Before we go any further, let me be clear. This is a deadly serious ecological crisis. The numbers are staggering. Estimates suggest pythons have wiped out about 99 percent of raccoons in parts of the Everglades, 98 percent of opossums, and 88 percent of bobcats. It is hard to overstate how disruptive it is to the ecosystem. This is not a quirky Florida story. It’s a real problem with real consequences.
Which brings us back to the strategy.
For years, officials have tried to stop the slither. Could you train dogs to sniff out snakes the way they sniff out contraband? Apparently yes, in theory. In practice, the Everglades heat makes it dangerous for the dogs. So that option is limited. What about drones with infrared cameras? Also logical. Also not effective enough. The vegetation is too dense, and the snakes are too good at camouflage.
So now we arrive at the latest idea. If the snakes are going to eat opossums anyway, why not turn the animals into tracking devices? Mini Trojan horses in the River of Grass snake wars.
The concept is brutally simple. A collared critter goes about its daily rituals. Tree to tree. Trash can to campsite. Living its best life. At some point, it becomes a python’s lunch. The snake eats it whole, finds a nice quiet spot, and stops moving while it digests.
At which point, the GPS signals the dead stop. See graphic above.
That is when a python hunter is dispatched to the location. Finds the now very full, can’t eat another bite, snake. “Pays it a visit.” Case closed.
But I do have one question. Possibly two.
First, are we absolutely sure we have accounted for what opossums are most famous for? And I’m not talking about the silent “O” in the name.
I’m picturing a team of highly trained professionals racing through the Everglades toward a stationary, deceased marsupial GPS signal, only to find a perfectly healthy opossum lying there with a “gotcha” grin.
Am I the only one thinking this? Opossums play dead!
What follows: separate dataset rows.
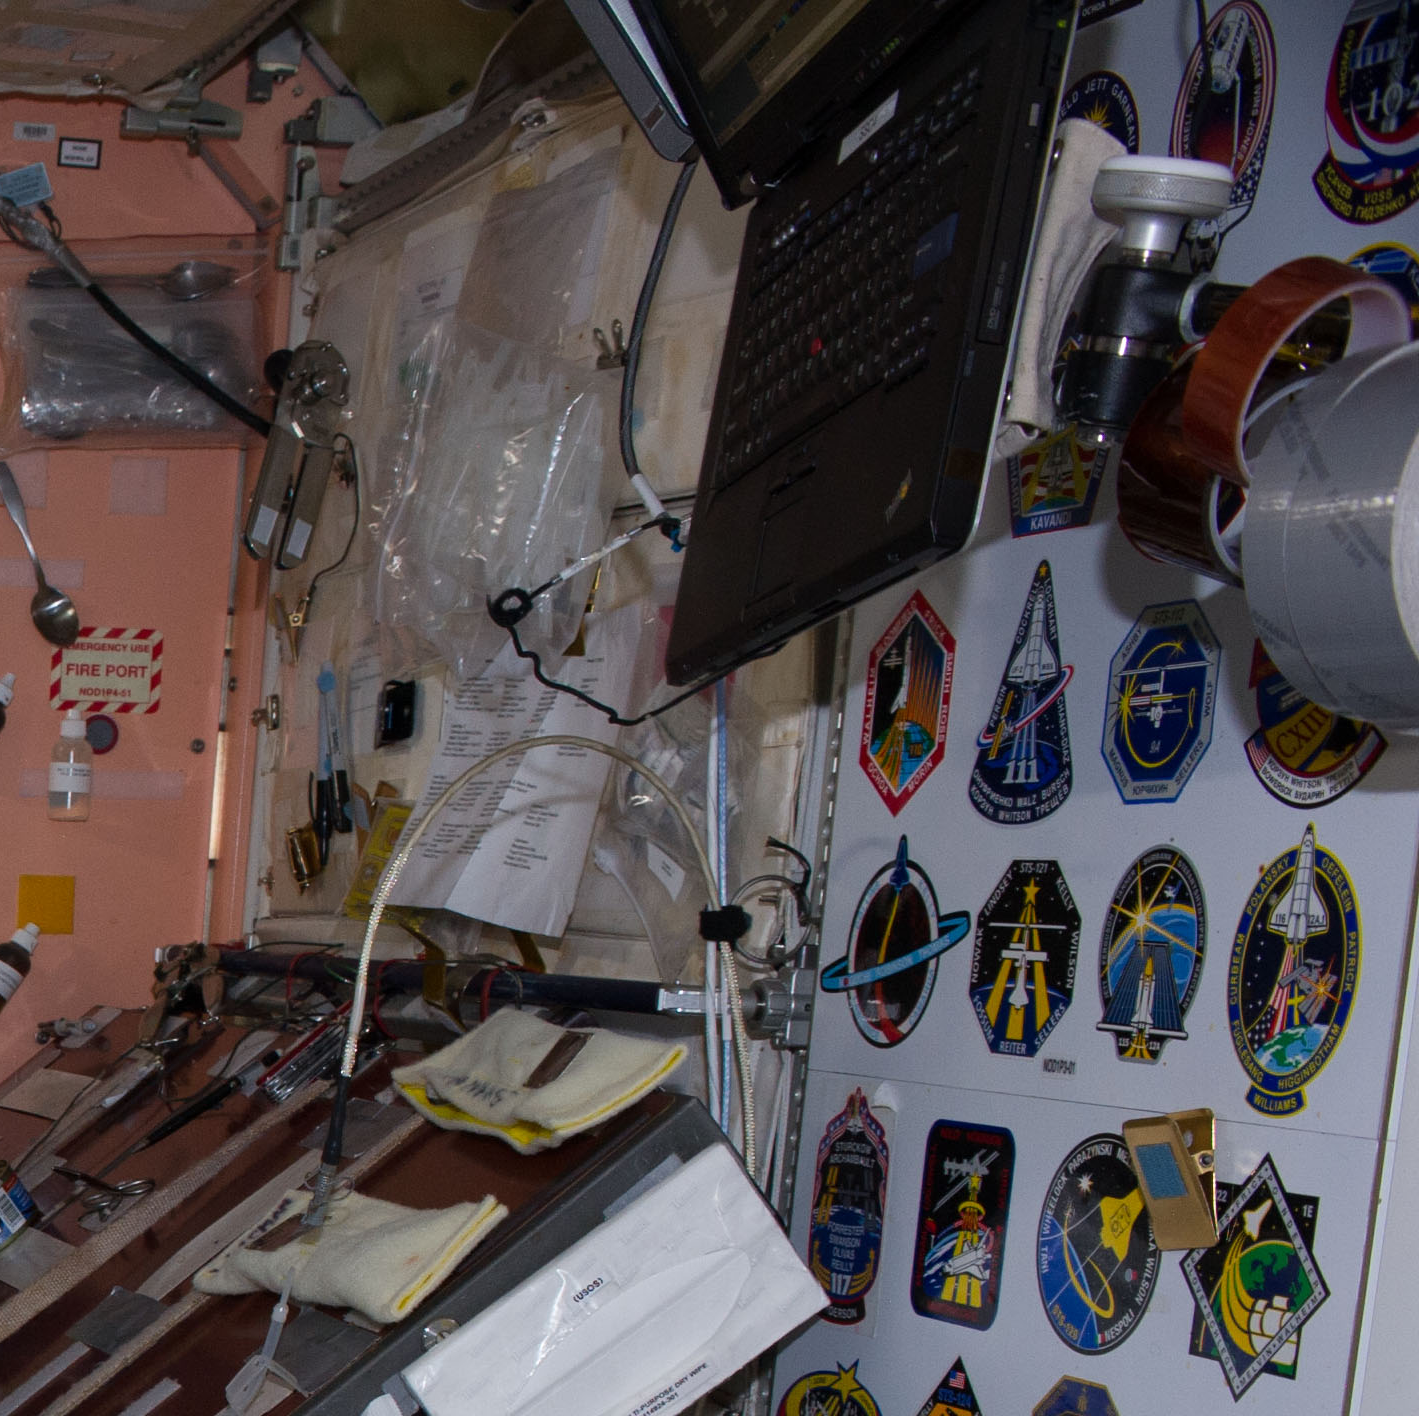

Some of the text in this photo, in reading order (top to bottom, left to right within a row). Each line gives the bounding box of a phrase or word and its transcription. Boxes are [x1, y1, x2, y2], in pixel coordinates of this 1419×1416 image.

[1084, 78, 1136, 147] JETT GARNEAU
[1365, 188, 1392, 204] VOSS
[1030, 511, 1072, 531] KAVANDI
[131, 644, 150, 653] USE
[1121, 626, 1142, 662] ASHBY
[66, 663, 147, 678] FIRE PORT
[863, 667, 876, 745] WALHEIM
[989, 685, 1008, 727] PERRIN
[1203, 682, 1213, 717] WOLF
[1002, 759, 1039, 784] 111
[1109, 748, 1128, 789] MAGNUS
[1175, 739, 1204, 786] SELLERS
[1291, 777, 1321, 788] WHITSON
[998, 810, 1031, 821] WHITSON
[1019, 863, 1049, 874] STS-121
[1247, 856, 1289, 915] POLANSKY
[983, 869, 1013, 916] LINDSEY
[1055, 876, 1074, 912] KELLY
[972, 927, 983, 983] NOWAK
[1066, 930, 1080, 989] WILSON
[1229, 934, 1245, 1005] CURBEAM
[1345, 932, 1357, 992] PATRICK
[973, 995, 995, 1043] FOSSUM
[1034, 1002, 1066, 1049] SELLERS
[999, 1042, 1027, 1054] REITER
[1233, 1020, 1264, 1083] FUGLESANG
[1278, 1023, 1340, 1089] HIGGINBOTHAM
[1253, 1093, 1297, 1111] WILLIAMS
[1042, 1143, 1114, 1235] WHEELOCK PARAZYNSKI
[1302, 1204, 1314, 1218] 1E
[1267, 1174, 1320, 1289] POINDEXTER
[831, 1258, 854, 1273] REILLY
[1040, 1246, 1050, 1274] TANI
[573, 1277, 604, 1303] (USOS)
[830, 1272, 851, 1296] 117
[1134, 1257, 1156, 1306] WILSON
[1104, 1309, 1135, 1342] NESPOLI
[1276, 1296, 1318, 1345] WALHEIM
[1205, 1312, 1239, 1382] SCHLEGEL
[675, 1375, 689, 1389] DRY
[689, 1363, 707, 1378] WIPE
[1239, 1349, 1273, 1386] MELVIN
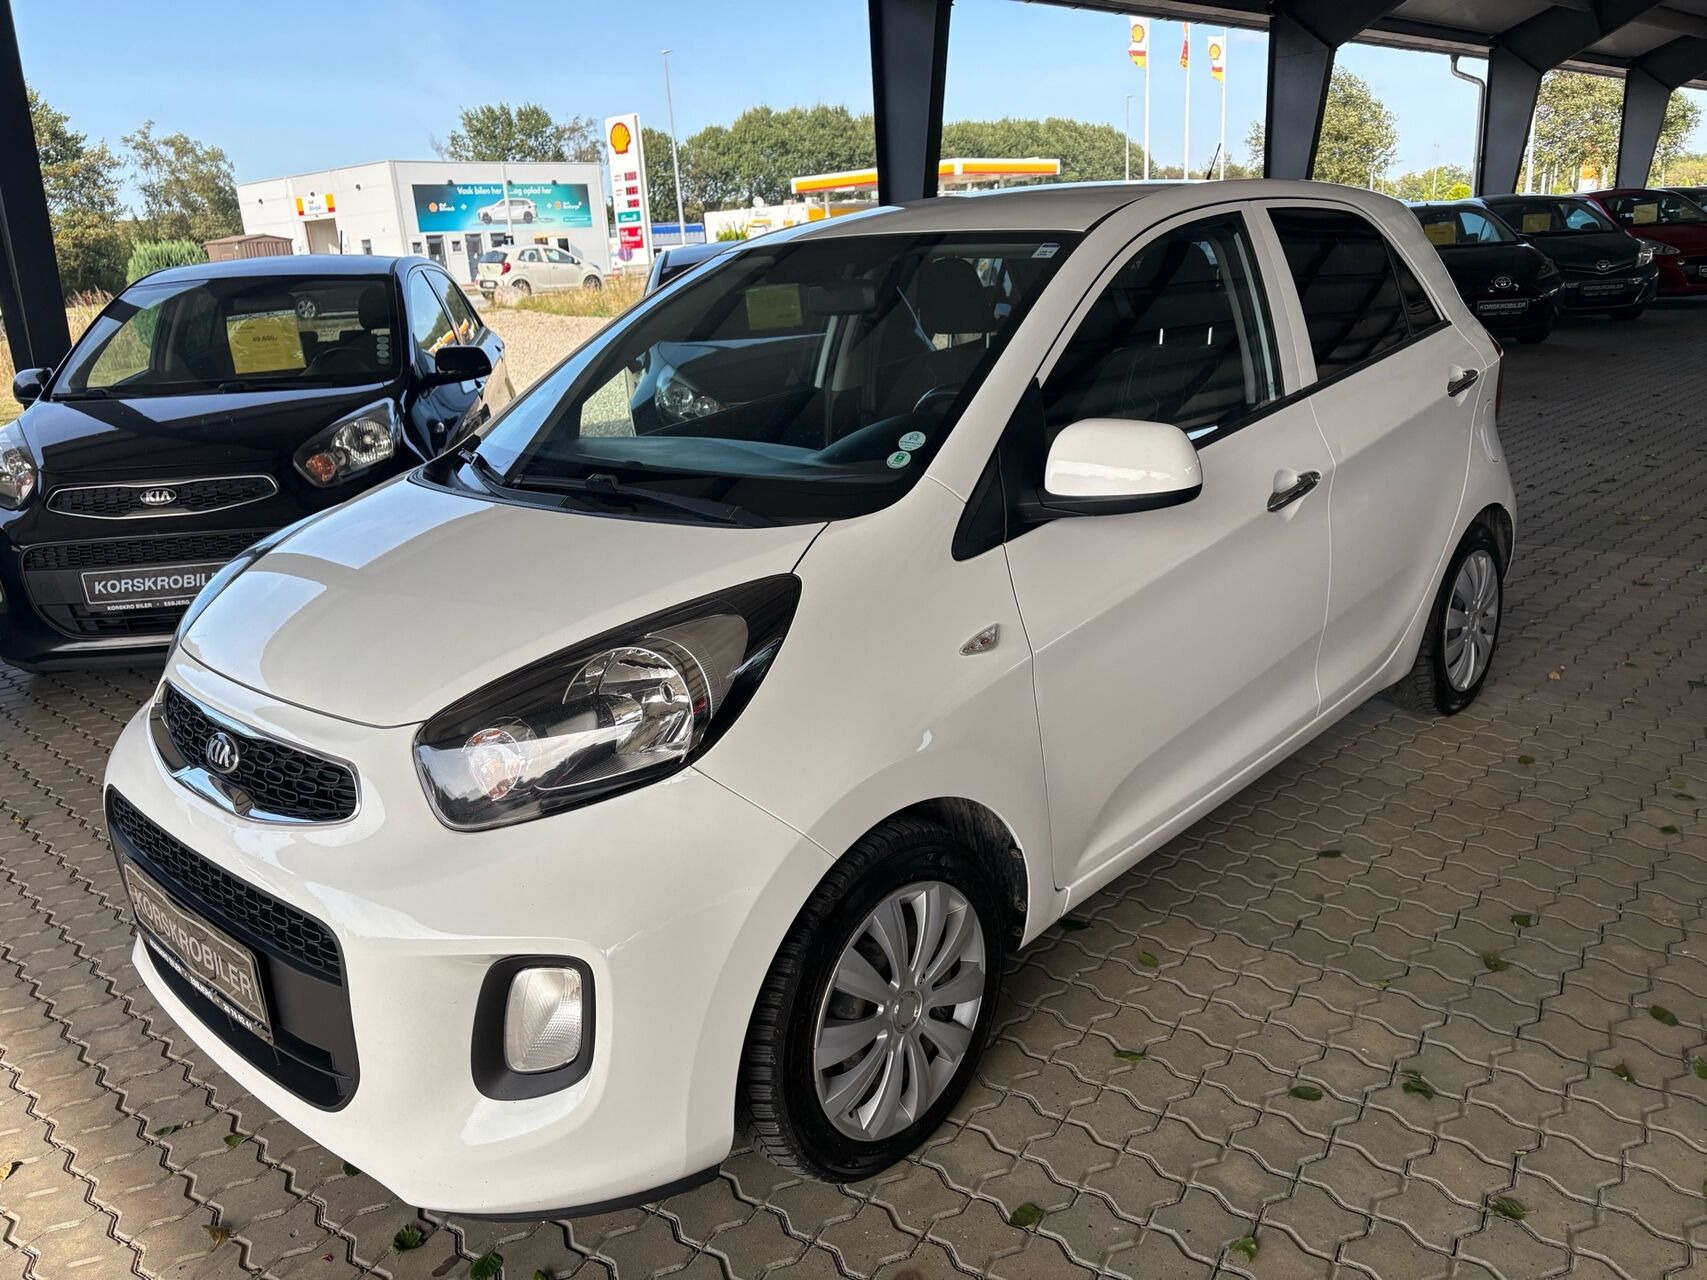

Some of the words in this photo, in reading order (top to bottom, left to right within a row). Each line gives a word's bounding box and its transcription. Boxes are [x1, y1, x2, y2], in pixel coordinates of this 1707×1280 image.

[474, 186, 490, 195] bilen
[491, 186, 502, 195] her
[541, 186, 552, 194] her
[145, 490, 171, 502] KIA
[94, 572, 215, 595] KORSKROBIL
[207, 737, 230, 768] KIA
[135, 890, 254, 1001] KORSKROBILER
Second, PETA can’t be happy.
Still, there’s some logic here. When 98 out of a hundred opossums are likely to end up as python food anyway, why not turn an inevitable outcome into actionable data? It’s pretty grim, but then again, it is Florida.
The larger point is this. The python invasion is real. It’s reshaping the Everglades. Not great for wildlife, not great for the ecosystem, and probably not great for property values. It is, however, creating a very specific job market for people who retrieve partially digested GPS collars from snake parts unknown.
I’m not sure what’s next in the python battle, but have no fear, I will continue to monitor this situation on your behalf. Someone has to.
In more uplifting news, The Bystander launched as an audiobook last week and is already picking up some traction. And we are now officially counting down to the release of book two in The Lemaster Files, The Pawn, just a couple weeks away.
Exciting times. Pythons notwithstanding.
Have a great week.
--John



this sounds like perfect material for a mystery!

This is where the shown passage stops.